(Directions) From top to bottom, retype the data exactly, passing over any picture.

[[ Raw data open ]]

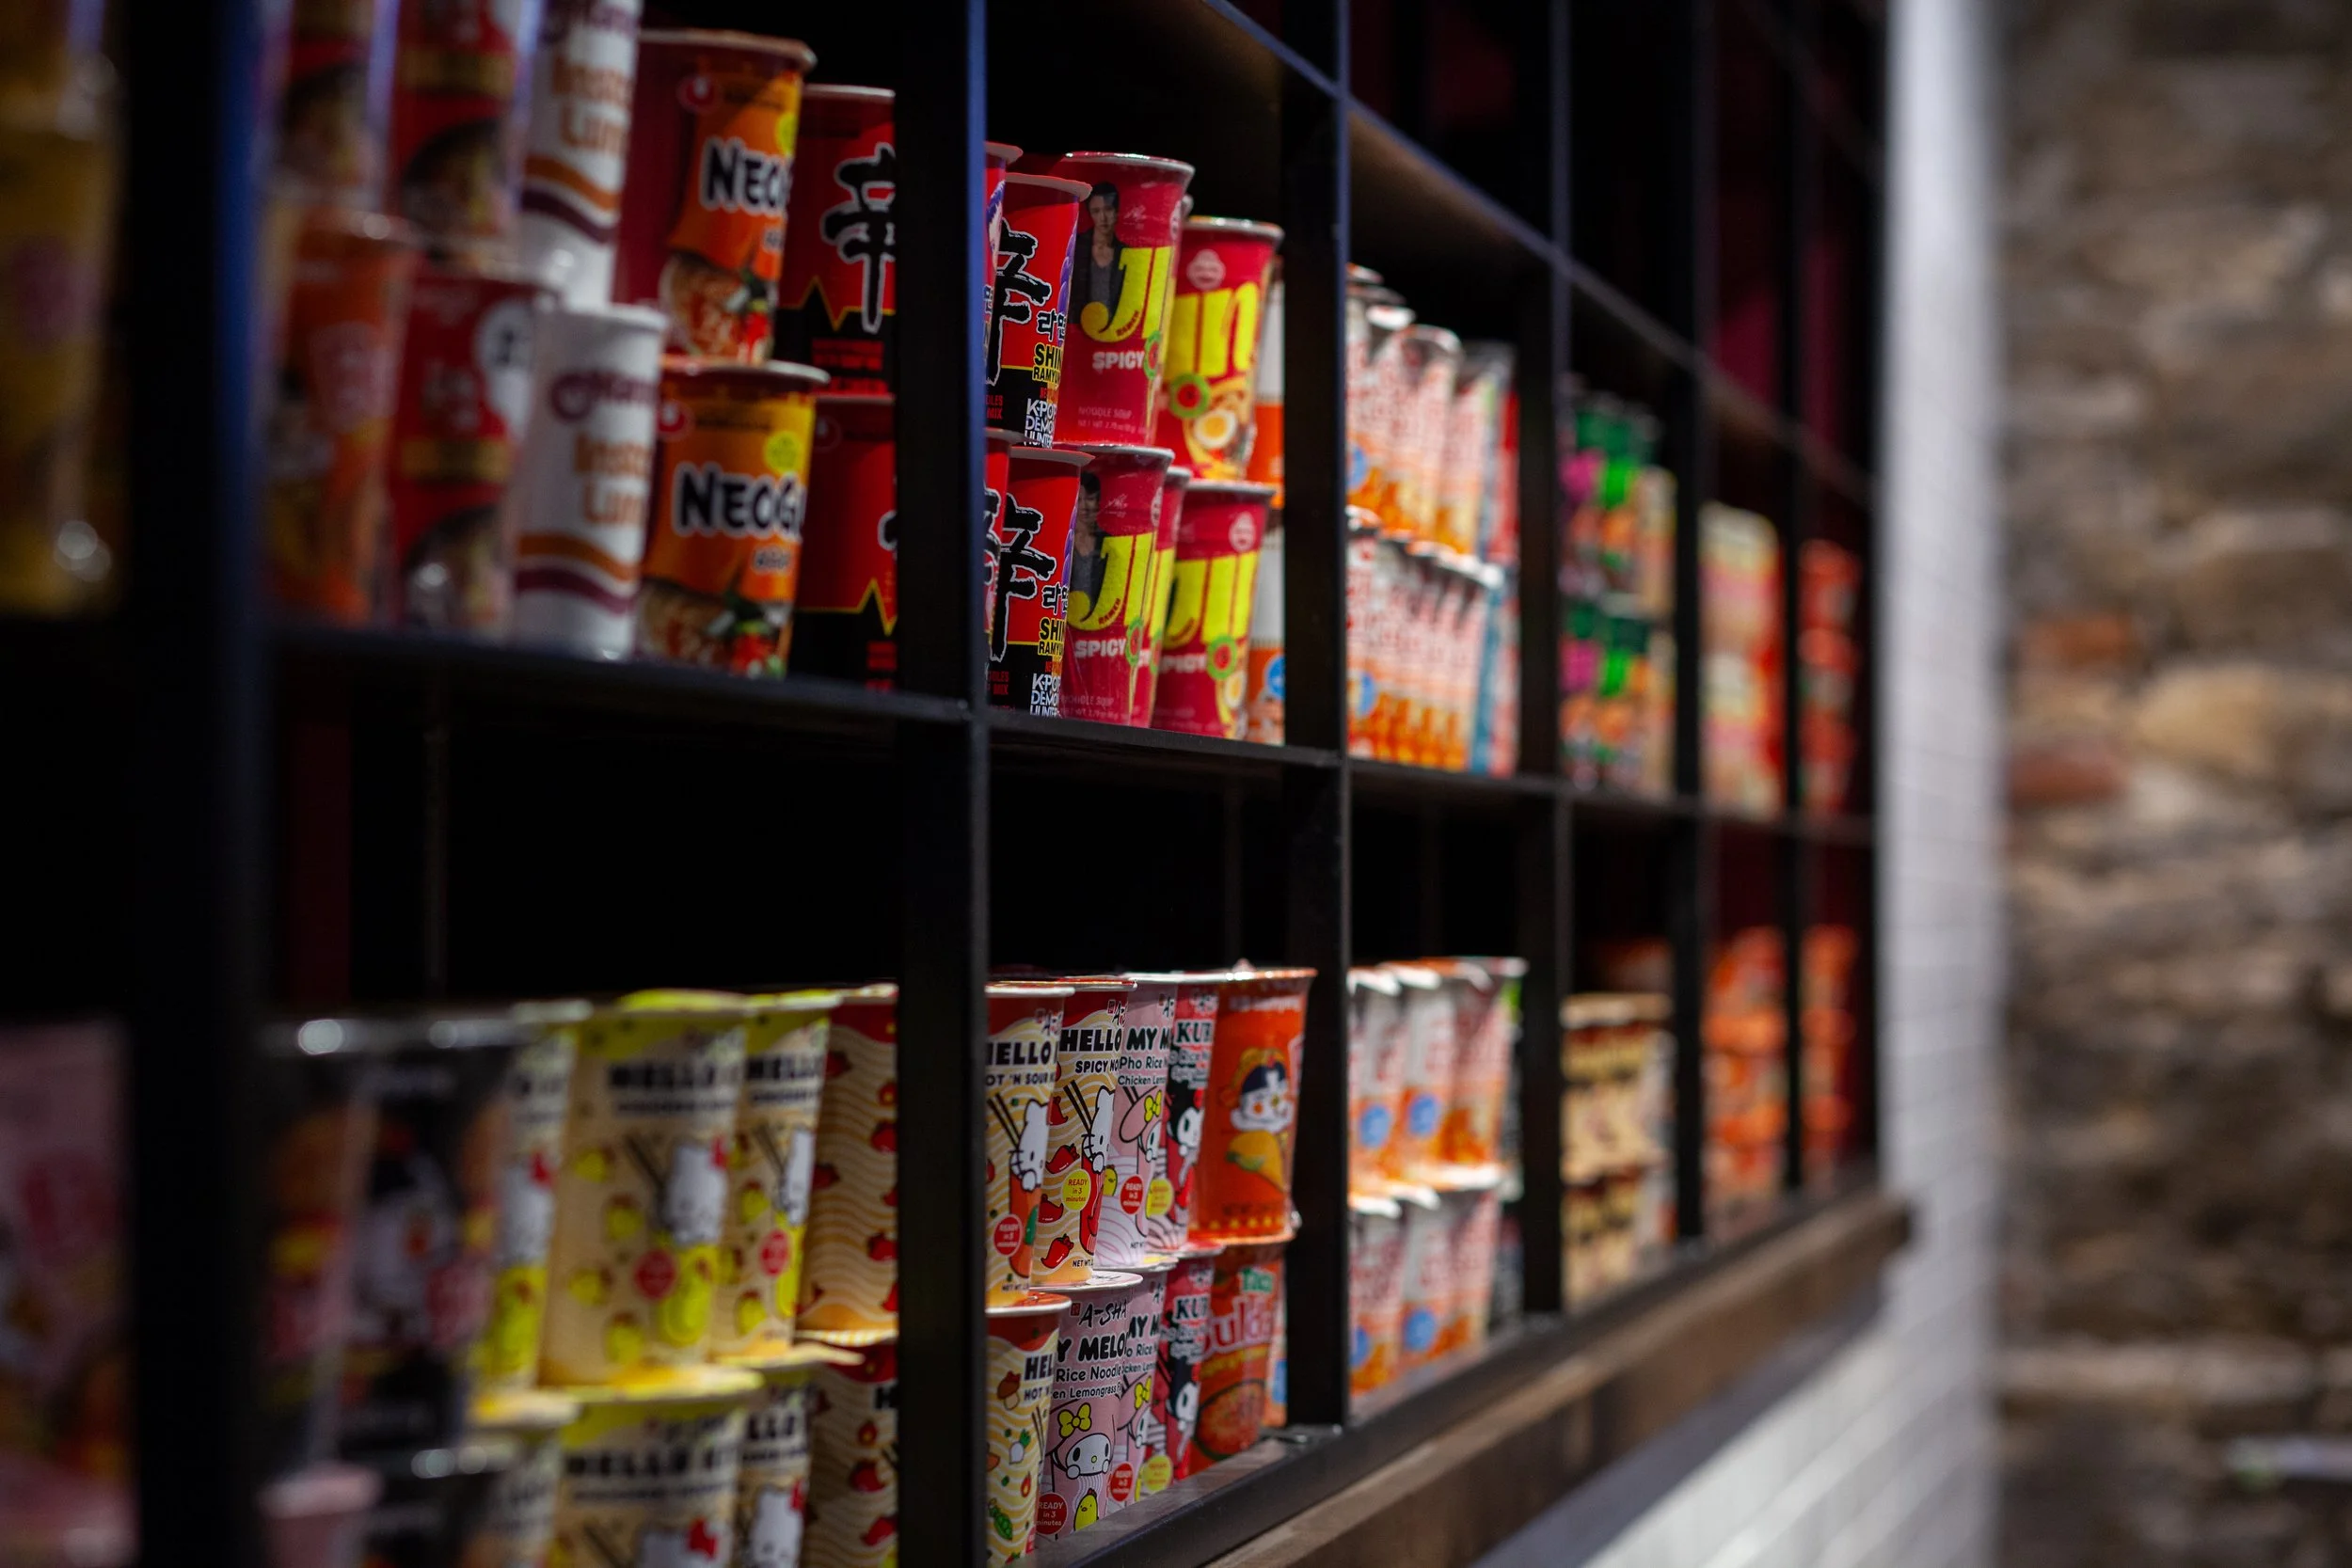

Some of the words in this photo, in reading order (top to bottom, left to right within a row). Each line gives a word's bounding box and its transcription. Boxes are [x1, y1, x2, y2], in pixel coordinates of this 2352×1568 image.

[1092, 351, 1144, 371] SPICY
[1074, 638, 1126, 657] SPICY
[1059, 1029, 1122, 1052] HELLO
[1126, 1028, 1157, 1051] MY
[1075, 1060, 1108, 1073] SPICY
[1120, 1055, 1142, 1070] Pho
[1146, 1057, 1163, 1069] Rice
[1118, 1075, 1151, 1085] Chicken
[1056, 1368, 1086, 1383] Rice
[1070, 1386, 1117, 1398] Lemongrass
[1039, 1501, 1063, 1510] READY

[[ Raw data closed ]]

(Task solution)
Some of the words in this photo, in reading order (top to bottom, left to right within a row). Each line gives a word's bounding box and its transcription. Boxes are [x1, y1, x2, y2], in pixel coordinates of this 2352×1568 image.

[1092, 351, 1144, 371] SPICY
[1074, 638, 1126, 657] SPICY
[1059, 1029, 1122, 1052] HELLO
[1126, 1028, 1157, 1051] MY
[1075, 1060, 1108, 1073] SPICY
[1120, 1055, 1142, 1070] Pho
[1146, 1057, 1163, 1069] Rice
[1118, 1075, 1151, 1085] Chicken
[1056, 1368, 1086, 1383] Rice
[1070, 1386, 1117, 1398] Lemongrass
[1039, 1501, 1063, 1510] READY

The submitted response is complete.